- **EXERCISE DESCRIPTION**:
Restate each record word for word, from the first to the last.

- **DATASET EXTRACT**:
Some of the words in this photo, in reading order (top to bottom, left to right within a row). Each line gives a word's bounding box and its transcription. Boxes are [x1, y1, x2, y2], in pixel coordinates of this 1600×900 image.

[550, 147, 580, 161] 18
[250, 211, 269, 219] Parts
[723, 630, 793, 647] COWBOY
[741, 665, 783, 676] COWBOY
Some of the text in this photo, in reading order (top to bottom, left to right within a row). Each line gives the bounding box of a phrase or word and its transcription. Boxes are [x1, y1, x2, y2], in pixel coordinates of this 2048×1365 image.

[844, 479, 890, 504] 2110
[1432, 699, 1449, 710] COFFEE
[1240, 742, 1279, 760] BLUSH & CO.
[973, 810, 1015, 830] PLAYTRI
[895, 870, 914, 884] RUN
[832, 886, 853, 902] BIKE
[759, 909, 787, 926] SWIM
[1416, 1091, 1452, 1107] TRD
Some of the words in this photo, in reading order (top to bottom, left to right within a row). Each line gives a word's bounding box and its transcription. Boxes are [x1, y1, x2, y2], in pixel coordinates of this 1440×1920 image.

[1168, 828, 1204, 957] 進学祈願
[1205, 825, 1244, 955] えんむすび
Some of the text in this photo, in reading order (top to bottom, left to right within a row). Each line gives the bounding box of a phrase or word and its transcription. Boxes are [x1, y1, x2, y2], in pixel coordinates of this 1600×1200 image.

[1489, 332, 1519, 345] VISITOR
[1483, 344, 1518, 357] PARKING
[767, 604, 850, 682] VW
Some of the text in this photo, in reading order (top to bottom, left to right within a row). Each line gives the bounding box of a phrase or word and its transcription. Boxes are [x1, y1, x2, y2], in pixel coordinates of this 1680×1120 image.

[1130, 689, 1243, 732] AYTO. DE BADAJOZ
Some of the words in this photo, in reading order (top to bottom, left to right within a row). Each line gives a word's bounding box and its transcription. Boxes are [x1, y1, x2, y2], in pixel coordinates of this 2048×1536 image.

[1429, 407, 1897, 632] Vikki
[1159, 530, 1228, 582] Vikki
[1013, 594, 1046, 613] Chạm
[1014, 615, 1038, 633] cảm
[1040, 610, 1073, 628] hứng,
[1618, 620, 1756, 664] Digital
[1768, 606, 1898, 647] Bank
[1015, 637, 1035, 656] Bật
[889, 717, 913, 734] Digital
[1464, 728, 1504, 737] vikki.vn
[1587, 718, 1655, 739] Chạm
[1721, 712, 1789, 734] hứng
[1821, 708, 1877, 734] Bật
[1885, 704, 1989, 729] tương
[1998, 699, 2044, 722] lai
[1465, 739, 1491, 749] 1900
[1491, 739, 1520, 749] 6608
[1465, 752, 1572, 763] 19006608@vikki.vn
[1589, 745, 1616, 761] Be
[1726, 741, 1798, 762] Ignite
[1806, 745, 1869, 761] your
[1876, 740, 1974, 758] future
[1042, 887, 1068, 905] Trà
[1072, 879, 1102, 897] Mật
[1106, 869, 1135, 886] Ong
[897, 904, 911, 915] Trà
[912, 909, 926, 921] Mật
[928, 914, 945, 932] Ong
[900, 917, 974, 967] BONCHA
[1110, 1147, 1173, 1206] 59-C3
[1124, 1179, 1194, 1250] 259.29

- **EXPECTED ANSWER**:
Some of the words in this photo, in reading order (top to bottom, left to right within a row). Each line gives a word's bounding box and its transcription. Boxes are [x1, y1, x2, y2], in pixel coordinates of this 1600×900 image.

[550, 147, 580, 161] 18
[250, 211, 269, 219] Parts
[723, 630, 793, 647] COWBOY
[741, 665, 783, 676] COWBOY
Some of the text in this photo, in reading order (top to bottom, left to right within a row). Each line gives the bounding box of a phrase or word and its transcription. Boxes are [x1, y1, x2, y2], in pixel coordinates of this 2048×1365 image.

[844, 479, 890, 504] 2110
[1432, 699, 1449, 710] COFFEE
[1240, 742, 1279, 760] BLUSH & CO.
[973, 810, 1015, 830] PLAYTRI
[895, 870, 914, 884] RUN
[832, 886, 853, 902] BIKE
[759, 909, 787, 926] SWIM
[1416, 1091, 1452, 1107] TRD
Some of the words in this photo, in reading order (top to bottom, left to right within a row). Each line gives a word's bounding box and its transcription. Boxes are [x1, y1, x2, y2], in pixel coordinates of this 1440×1920 image.

[1168, 828, 1204, 957] 進学祈願
[1205, 825, 1244, 955] えんむすび
Some of the text in this photo, in reading order (top to bottom, left to right within a row). Each line gives the bounding box of a phrase or word and its transcription. Boxes are [x1, y1, x2, y2], in pixel coordinates of this 1600×1200 image.

[1489, 332, 1519, 345] VISITOR
[1483, 344, 1518, 357] PARKING
[767, 604, 850, 682] VW
Some of the text in this photo, in reading order (top to bottom, left to right within a row). Each line gives the bounding box of a phrase or word and its transcription. Boxes are [x1, y1, x2, y2], in pixel coordinates of this 1680×1120 image.

[1130, 689, 1243, 732] AYTO. DE BADAJOZ
Some of the words in this photo, in reading order (top to bottom, left to right within a row). Each line gives a word's bounding box and its transcription. Boxes are [x1, y1, x2, y2], in pixel coordinates of this 2048×1536 image.

[1429, 407, 1897, 632] Vikki
[1159, 530, 1228, 582] Vikki
[1013, 594, 1046, 613] Chạm
[1014, 615, 1038, 633] cảm
[1040, 610, 1073, 628] hứng,
[1618, 620, 1756, 664] Digital
[1768, 606, 1898, 647] Bank
[1015, 637, 1035, 656] Bật
[889, 717, 913, 734] Digital
[1464, 728, 1504, 737] vikki.vn
[1587, 718, 1655, 739] Chạm
[1721, 712, 1789, 734] hứng
[1821, 708, 1877, 734] Bật
[1885, 704, 1989, 729] tương
[1998, 699, 2044, 722] lai
[1465, 739, 1491, 749] 1900
[1491, 739, 1520, 749] 6608
[1465, 752, 1572, 763] 19006608@vikki.vn
[1589, 745, 1616, 761] Be
[1726, 741, 1798, 762] Ignite
[1806, 745, 1869, 761] your
[1876, 740, 1974, 758] future
[1042, 887, 1068, 905] Trà
[1072, 879, 1102, 897] Mật
[1106, 869, 1135, 886] Ong
[897, 904, 911, 915] Trà
[912, 909, 926, 921] Mật
[928, 914, 945, 932] Ong
[900, 917, 974, 967] BONCHA
[1110, 1147, 1173, 1206] 59-C3
[1124, 1179, 1194, 1250] 259.29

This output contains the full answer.